A trajetória da Petrobras os levou a ser um dos líderes mundiais na exploração e produção de petróleo e gás em águas profundas, onde se localizam os campos do pré-sal. Hoje, das treze refinarias existentes, a  estatal está vendendo oito delas: Landulpho Alves (Rlam), na Bahia; Presidente Getúlio Vargas (Repar), no Paraná; Abreu e Lima (Rnest), em Pernambuco; Unidade de Industrialização do Xisto (Six), no Paraná; Alberto Pasqualini (Refap), no Rio Grande do Sul; Gabriel Passos (Regap), em Minas Gerais; Isaac Sabbá (Reman), no Amazonas; e a Lubnor, localizada em Fortaleza (CE), responsável pela produção de asfaltos e lubrificantes naftênicos.

Ao vender algumas unidades, a Petrobras visa utilizar o recurso obtido para investir em outros projetos que geram mais valor. Algumas refinarias já não trazem o retorno esperado e, em alguns casos, ainda exigem mais recursos para sua manutenção. Outras são rentáveis, mas, ao comparar com outros projetos com maior potencial de geração de valor, vale mais a pena investir em outros ativos. Não há dinheiro para investir em tudo, em todas as frentes. Estas vendas também possuem o objetivo de reduzir o endividamento da estatal, que ainda é muito alto. Hoje, segundo a Petrobras, os juros consomem cerca de 35% do caixa que é gerado pelas operações. Para fins de exemplificação, os juros pagos por ano equivalem a um sistema de produção de petróleo completo, que envolve plataformas, sistemas submarinos e poços, uma capacidade total de produzir 150 mil barris de petróleo por dia e que geram uma receita anual de cerca de $3 bilhões.

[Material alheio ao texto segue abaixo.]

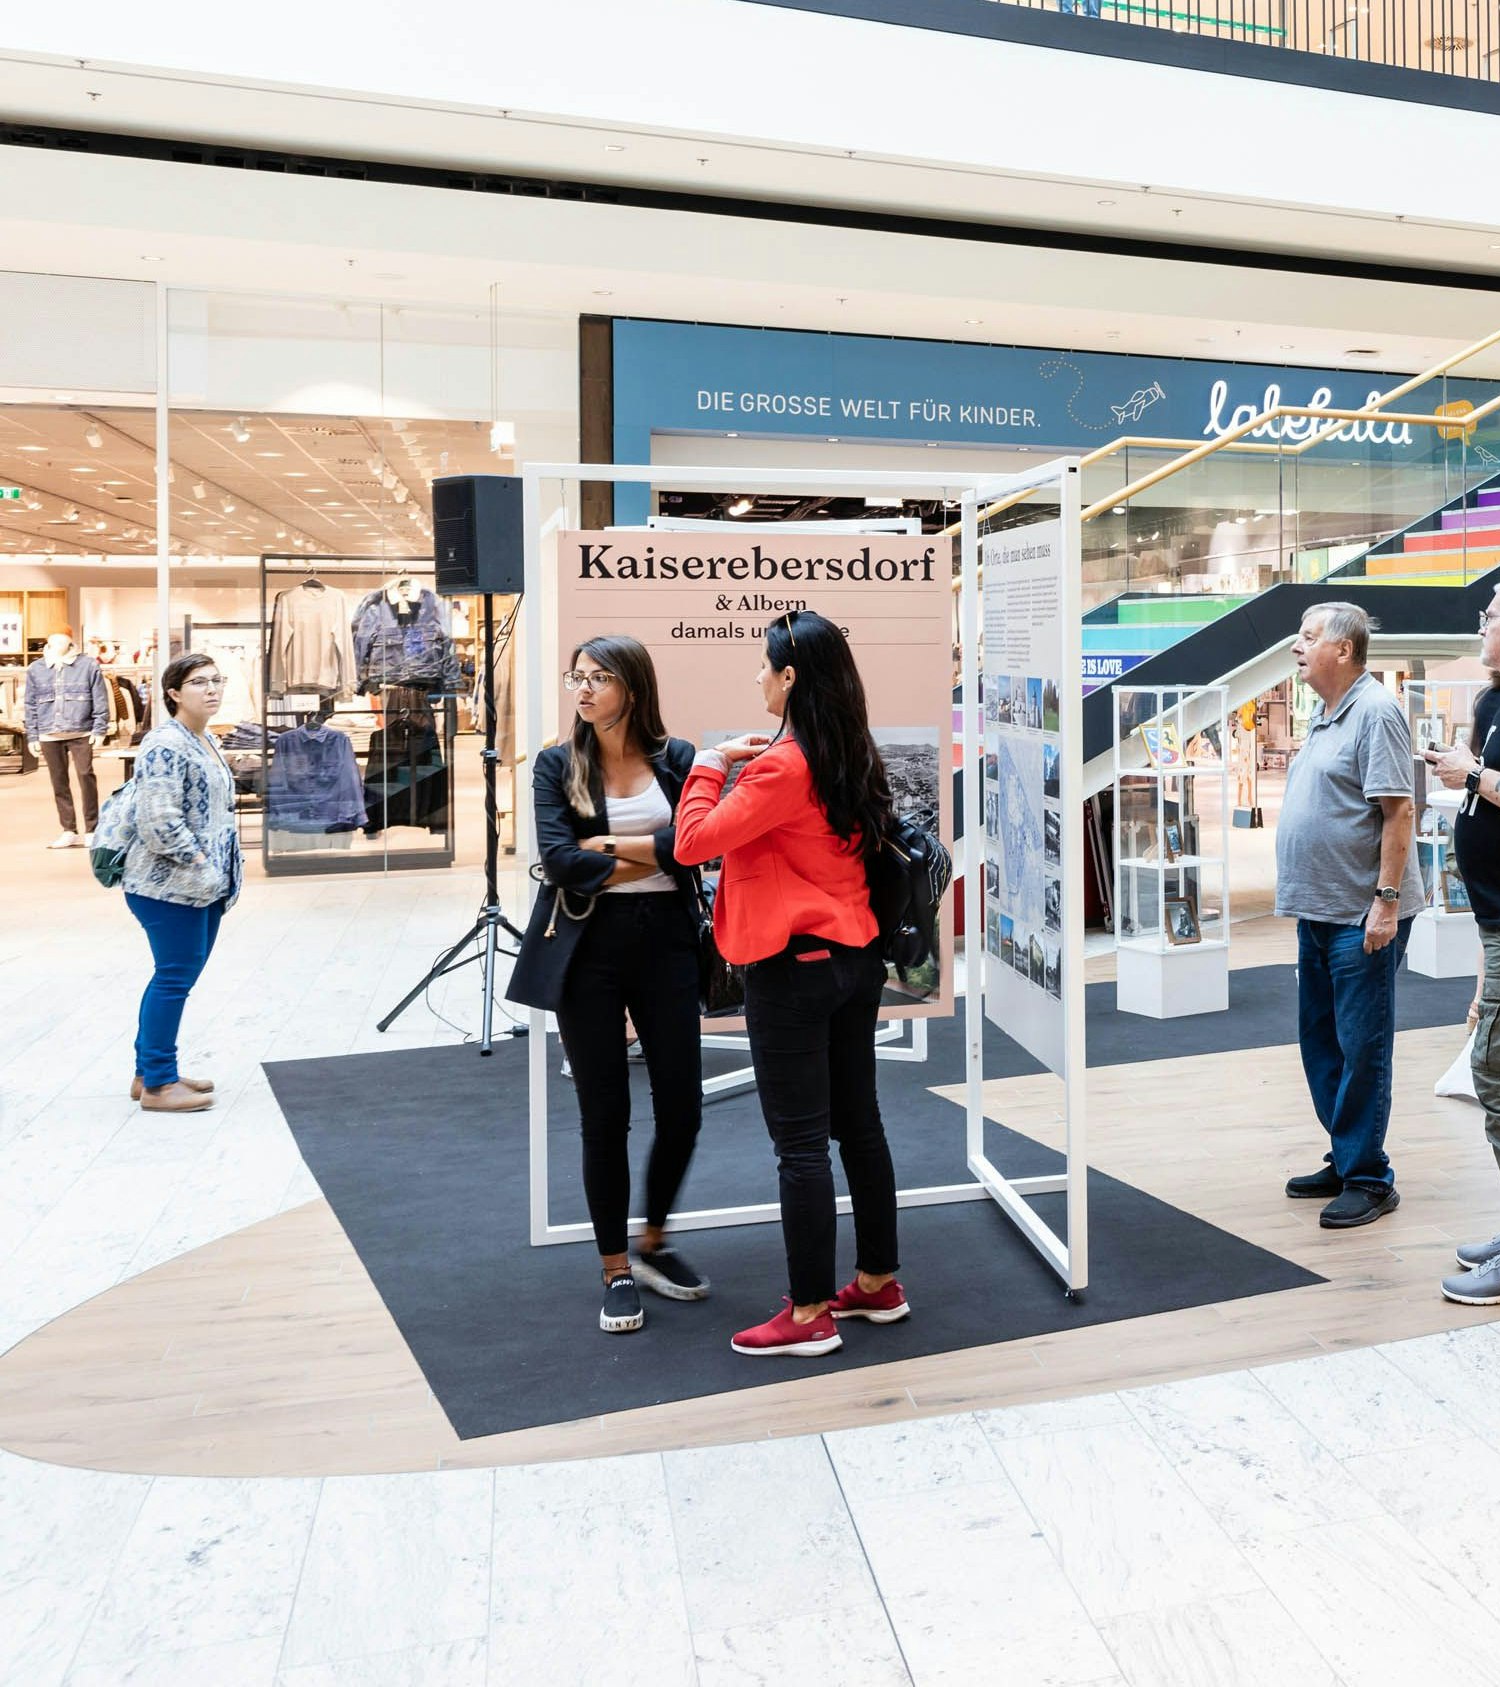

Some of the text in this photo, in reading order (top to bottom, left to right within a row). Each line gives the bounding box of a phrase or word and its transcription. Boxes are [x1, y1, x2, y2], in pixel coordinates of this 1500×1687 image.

Em 30 de Novembro de 2020, a Petrobras divulgou os principais pontos de seu plano estratégico para o quinquênio 2021-2025, tendo como destaques a projeção de crescimento de produção; o foco no pré-sal; o Capex; e as vendas de ativos. A expectativa é levantar entre $25 bilhões e $35 bilhões com a venda de ativos até 2025, o que seria o suficiente para financiar quase metade de seu plano de Capex (total estimado em $55 bilhões, destes, 84% serão alocados em exploração e produção). A companhia sinalizou que a expectativa é a venda integral das oito refinarias até o final de 2021.

O processo está, atualmente, em fase de nova rodada de propostas. Nesta nova rodada, a Petrobras solicitou a todos os participantes que apresentem suas ofertas oficiais até o final de Janeiro de 2021. A Ultrapar e a Raízen devem entregar propostas para as duas refinarias na região Sul (Refap e Repar), e para a Rnest, em Pernambuco. A Sinopec e o Mubadala disputam a Rlam, a mais antiga refinaria do Brasil, na Bahia. A Sinopec, de origem chinesa, atua no Brasil como produtora de petróleo e está no pré-sal, por meio da Petrogal, sociedade com a portuguesa Galp. A Mubadala, por sua vez, é um fundo de capital de risco de Abu Dhabi e tem participação na Cepsa, petroleira espanhola com ativos na América Latina. Em 03 de Dezembro de 2020, a Petrobras anunciou a conclusão da fase de negociação com o Mubadala sobre a venda da Rlam.

A Petrobras não está sendo desmontada, ela está sendo reconstruída: o plano é investir mais do que desinvestir. No contexto atual, vivemos um momento em que empresas e indústrias procuram se reinventar para sobreviver e modelos de negócios verticais e monopólios estão sob questionamento. A estatal está exercendo gestão de portfólio: concentrar esforços e exercer ações estratégicas em ativos de maior retorno. 

E a pergunta mais importante é: com a venda de parte das refinarias, o preço dos combustíveis poderá ficar mais caro? Segundo a Petrobras, é o mercado que define o preço de acordo com o petróleo internacional e sua volatilidade. A dinâmica da competição de importação permanece inalterada, independentemente de quem seja o proprietário da refinaria. Vale lembrar que o preço do produto na refinaria representa somente uma parcela do preço do combustível vendido ao consumidor. Tributos, margem das distribuidoras e revendedores, além do etanol e do biodiesel, também compõem o preço final da gasolina e do diesel, respectivamente.